## DATASET RECORDS
· · ·
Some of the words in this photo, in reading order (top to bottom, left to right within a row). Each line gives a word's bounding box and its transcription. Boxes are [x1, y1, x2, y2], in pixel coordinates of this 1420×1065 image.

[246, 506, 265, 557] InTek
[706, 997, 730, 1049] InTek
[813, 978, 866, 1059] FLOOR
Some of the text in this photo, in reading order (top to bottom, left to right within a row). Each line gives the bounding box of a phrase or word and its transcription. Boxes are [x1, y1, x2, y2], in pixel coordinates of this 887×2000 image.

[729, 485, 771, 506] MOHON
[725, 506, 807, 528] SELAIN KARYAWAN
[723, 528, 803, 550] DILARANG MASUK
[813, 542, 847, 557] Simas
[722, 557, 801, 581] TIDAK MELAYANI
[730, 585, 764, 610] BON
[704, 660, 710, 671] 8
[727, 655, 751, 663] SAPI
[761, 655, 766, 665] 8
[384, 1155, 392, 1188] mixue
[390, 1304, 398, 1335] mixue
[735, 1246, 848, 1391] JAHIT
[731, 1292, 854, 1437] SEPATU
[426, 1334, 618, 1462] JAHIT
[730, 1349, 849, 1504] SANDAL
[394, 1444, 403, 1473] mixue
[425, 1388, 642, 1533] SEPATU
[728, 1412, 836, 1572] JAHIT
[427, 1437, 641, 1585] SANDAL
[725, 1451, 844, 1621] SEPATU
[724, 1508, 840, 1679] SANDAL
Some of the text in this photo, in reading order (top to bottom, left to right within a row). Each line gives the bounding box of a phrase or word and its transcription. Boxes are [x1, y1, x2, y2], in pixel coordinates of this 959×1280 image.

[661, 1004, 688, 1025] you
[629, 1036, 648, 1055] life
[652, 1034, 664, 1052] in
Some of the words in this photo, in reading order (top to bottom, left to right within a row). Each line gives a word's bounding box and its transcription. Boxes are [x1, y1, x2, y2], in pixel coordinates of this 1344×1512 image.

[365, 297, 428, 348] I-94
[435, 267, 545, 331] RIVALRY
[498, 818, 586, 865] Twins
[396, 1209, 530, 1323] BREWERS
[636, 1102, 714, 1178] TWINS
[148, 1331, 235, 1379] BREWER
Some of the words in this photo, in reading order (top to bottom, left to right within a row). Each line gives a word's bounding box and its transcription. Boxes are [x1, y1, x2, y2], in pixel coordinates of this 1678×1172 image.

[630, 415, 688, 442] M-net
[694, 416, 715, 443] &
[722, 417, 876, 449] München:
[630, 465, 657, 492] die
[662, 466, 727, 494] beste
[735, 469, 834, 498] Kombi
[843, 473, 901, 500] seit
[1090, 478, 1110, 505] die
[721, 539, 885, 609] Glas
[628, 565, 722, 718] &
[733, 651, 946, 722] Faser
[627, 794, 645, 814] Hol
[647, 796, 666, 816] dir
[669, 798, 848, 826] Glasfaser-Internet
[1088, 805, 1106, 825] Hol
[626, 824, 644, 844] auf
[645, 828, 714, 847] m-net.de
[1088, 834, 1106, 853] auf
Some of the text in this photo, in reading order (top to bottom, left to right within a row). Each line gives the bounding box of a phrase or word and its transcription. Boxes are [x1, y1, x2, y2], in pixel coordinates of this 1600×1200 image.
· · ·
Retype the data in full, precisely as given.

Some of the words in this photo, in reading order (top to bottom, left to right within a row). Each line gives a word's bounding box and its transcription. Boxes are [x1, y1, x2, y2], in pixel coordinates of this 1420×1065 image.

[246, 506, 265, 557] InTek
[706, 997, 730, 1049] InTek
[813, 978, 866, 1059] FLOOR
Some of the text in this photo, in reading order (top to bottom, left to right within a row). Each line gives the bounding box of a phrase or word and its transcription. Boxes are [x1, y1, x2, y2], in pixel coordinates of this 887×2000 image.

[729, 485, 771, 506] MOHON
[725, 506, 807, 528] SELAIN KARYAWAN
[723, 528, 803, 550] DILARANG MASUK
[813, 542, 847, 557] Simas
[722, 557, 801, 581] TIDAK MELAYANI
[730, 585, 764, 610] BON
[704, 660, 710, 671] 8
[727, 655, 751, 663] SAPI
[761, 655, 766, 665] 8
[384, 1155, 392, 1188] mixue
[390, 1304, 398, 1335] mixue
[735, 1246, 848, 1391] JAHIT
[731, 1292, 854, 1437] SEPATU
[426, 1334, 618, 1462] JAHIT
[730, 1349, 849, 1504] SANDAL
[394, 1444, 403, 1473] mixue
[425, 1388, 642, 1533] SEPATU
[728, 1412, 836, 1572] JAHIT
[427, 1437, 641, 1585] SANDAL
[725, 1451, 844, 1621] SEPATU
[724, 1508, 840, 1679] SANDAL
Some of the text in this photo, in reading order (top to bottom, left to right within a row). Each line gives the bounding box of a phrase or word and its transcription. Boxes are [x1, y1, x2, y2], in pixel coordinates of this 959×1280 image.

[661, 1004, 688, 1025] you
[629, 1036, 648, 1055] life
[652, 1034, 664, 1052] in
Some of the words in this photo, in reading order (top to bottom, left to right within a row). Each line gives a word's bounding box and its transcription. Boxes are [x1, y1, x2, y2], in pixel coordinates of this 1344×1512 image.

[365, 297, 428, 348] I-94
[435, 267, 545, 331] RIVALRY
[498, 818, 586, 865] Twins
[396, 1209, 530, 1323] BREWERS
[636, 1102, 714, 1178] TWINS
[148, 1331, 235, 1379] BREWER
Some of the words in this photo, in reading order (top to bottom, left to right within a row). Each line gives a word's bounding box and its transcription. Boxes are [x1, y1, x2, y2], in pixel coordinates of this 1678×1172 image.

[630, 415, 688, 442] M-net
[694, 416, 715, 443] &
[722, 417, 876, 449] München:
[630, 465, 657, 492] die
[662, 466, 727, 494] beste
[735, 469, 834, 498] Kombi
[843, 473, 901, 500] seit
[1090, 478, 1110, 505] die
[721, 539, 885, 609] Glas
[628, 565, 722, 718] &
[733, 651, 946, 722] Faser
[627, 794, 645, 814] Hol
[647, 796, 666, 816] dir
[669, 798, 848, 826] Glasfaser-Internet
[1088, 805, 1106, 825] Hol
[626, 824, 644, 844] auf
[645, 828, 714, 847] m-net.de
[1088, 834, 1106, 853] auf
Some of the text in this photo, in reading order (top to bottom, left to right within a row). Each line gives the bounding box of a phrase or word and its transcription. Boxes are [x1, y1, x2, y2], in pixel coordinates of this 1600×1200 image.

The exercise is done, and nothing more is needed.